To a certain degree, Rush has always personified the battle between passion and reason. The theme even illustrated the cover of their 1978 opus, “Hemispheres.” Led by bassist-singer’s Geddy Lee’s love it or hate it falsetto vocal style, “Hold Your Fire” is a fitting bookmark to what was perhaps the most productive and musically-rich chapter in the band’s history. Drummer Neil Peart’s pensive lyrics provide the plot for what turns out to be the end of the musical journey begun with 1980’s “Permanent Waves.” As the title suggests, the theme of the album is the human struggle to temper instinct and passion with intellect and restraint.The songs explore several variations of the theme: honoring the sacrifices we sometimes must make to hold true to our dreams (“Mission”); warning us of the dangers of giving in (“Lock and Key”); or exploring the side effects of progress (“Second Nature”).
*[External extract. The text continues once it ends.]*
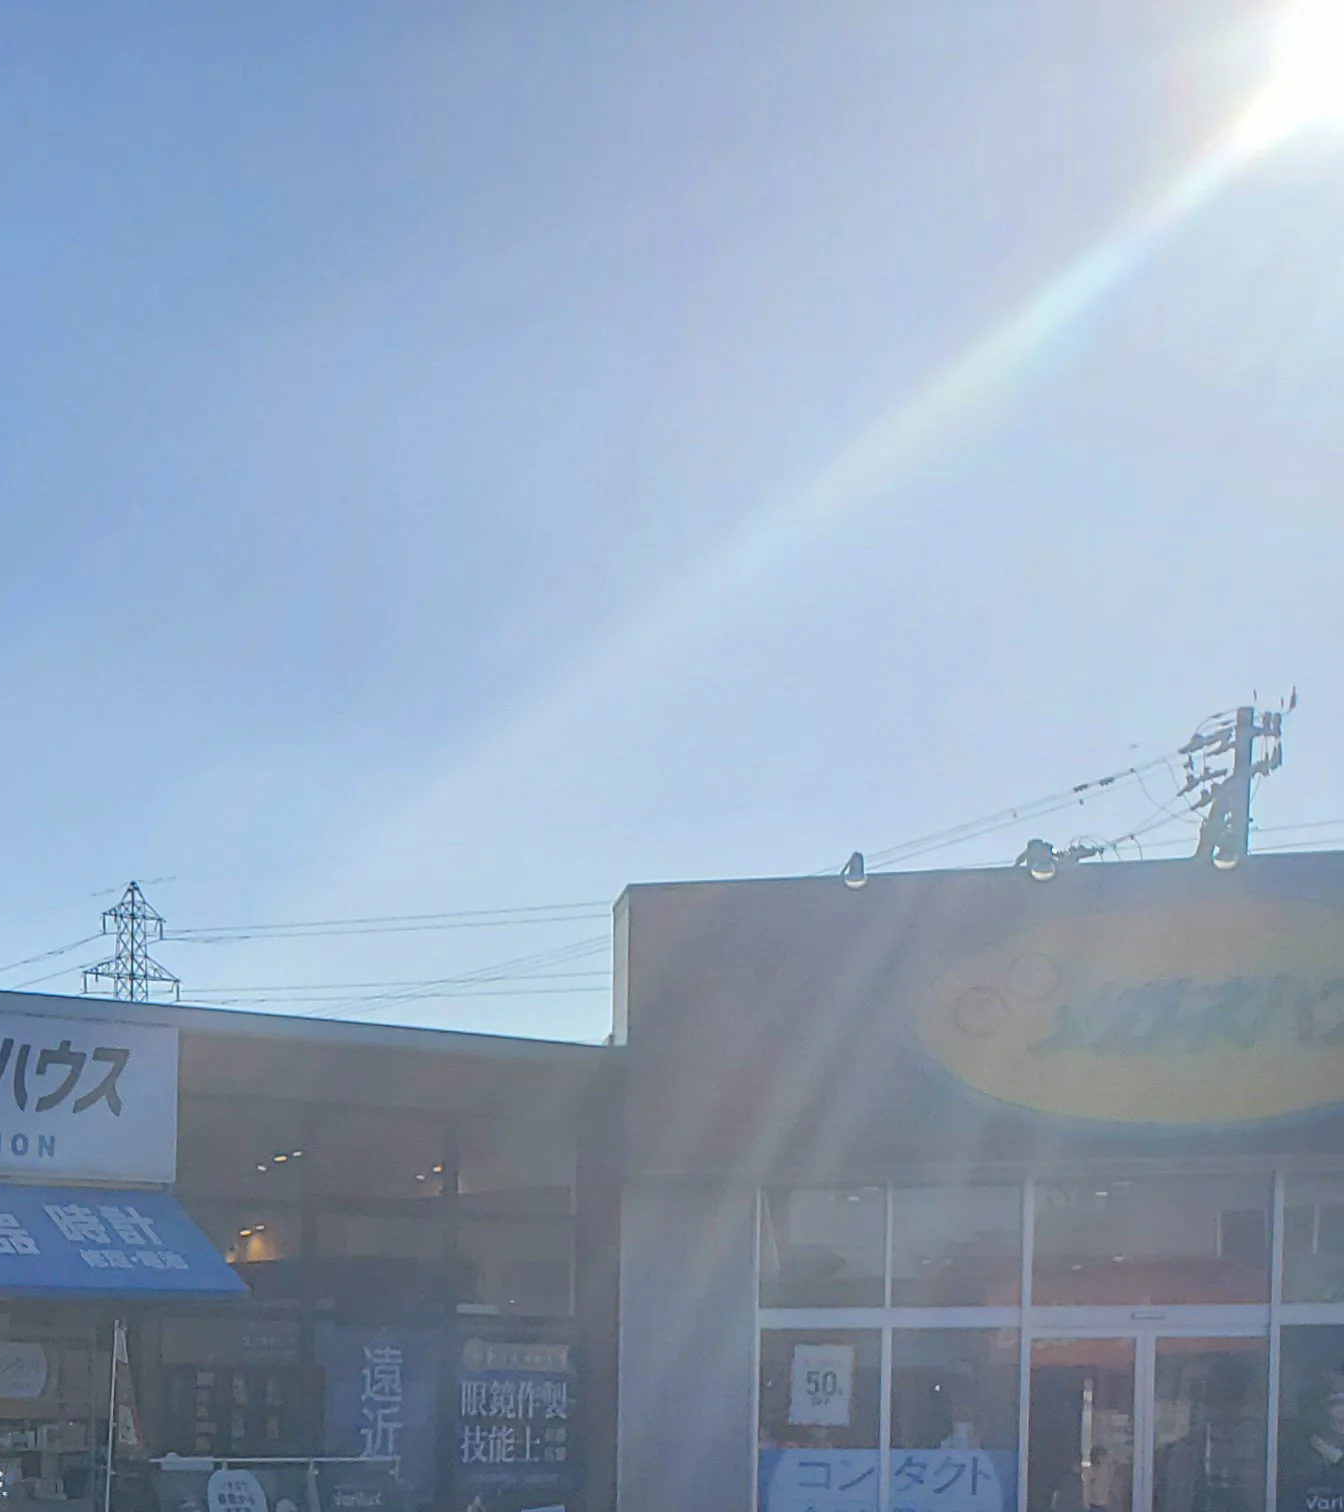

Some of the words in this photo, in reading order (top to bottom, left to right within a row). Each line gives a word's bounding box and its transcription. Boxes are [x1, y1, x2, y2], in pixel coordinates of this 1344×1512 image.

[43, 1203, 164, 1246] 時計
[360, 1344, 404, 1461] 遠近
[798, 1454, 992, 1497] コンタクト
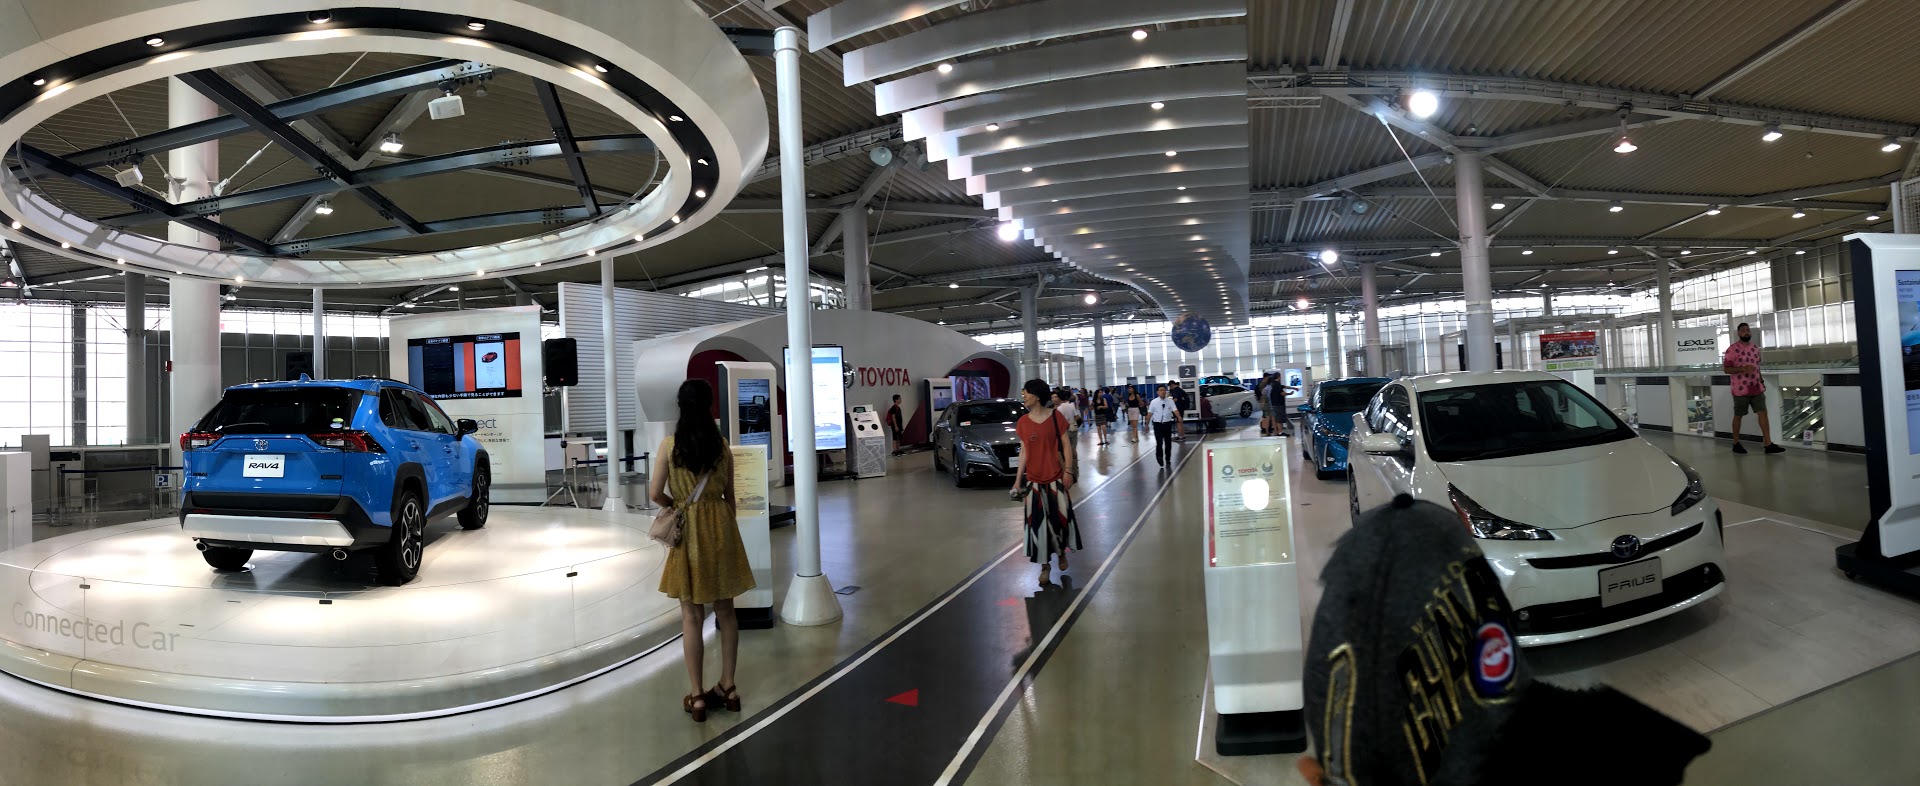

Peart’s lyrics have always been among the most literate and thought-provoking in rock and, when all is said and done, it’s hard to disagree with them. The reason for this is that, rather than beat you over the head with his point of view, he chooses to explore the many shades of gray that illustrate one of the core struggles at the heart of human understanding.The irony is that, while the lyrics provide a well-balanced view of the passion vs. reason struggle, the music falls squarely on the side of reason. In choosing to push the power trio format to the limit, Rush chose to play heavily with the use of sequencers which, in turn, makes one feel that, with everything that is going on musically, the band never really cuts loose. Even Peart’s snare drum is not the powerful firecracker heard in, say, “Moving Pictures.”This is not to say, however, that “Hold Your Fire” is a sterile album. On the contrary, Lee’s vocals are at their most accessible and his bass and keyboard work is nothing short of amazing. Guitarist Alex Lifeson continues to play with phrasing with an inventiveness absent from most of the “guitar god” alumni of the time. And, of course, Peart is his usual self: one of the most inventive drummers in rock, equal parts power, precision, and intelligence. Adding first-rate production by the band and Peter Collins, “Hold Your Fire” is a terrific exercise, lyrically, musically, sonically and philosophically.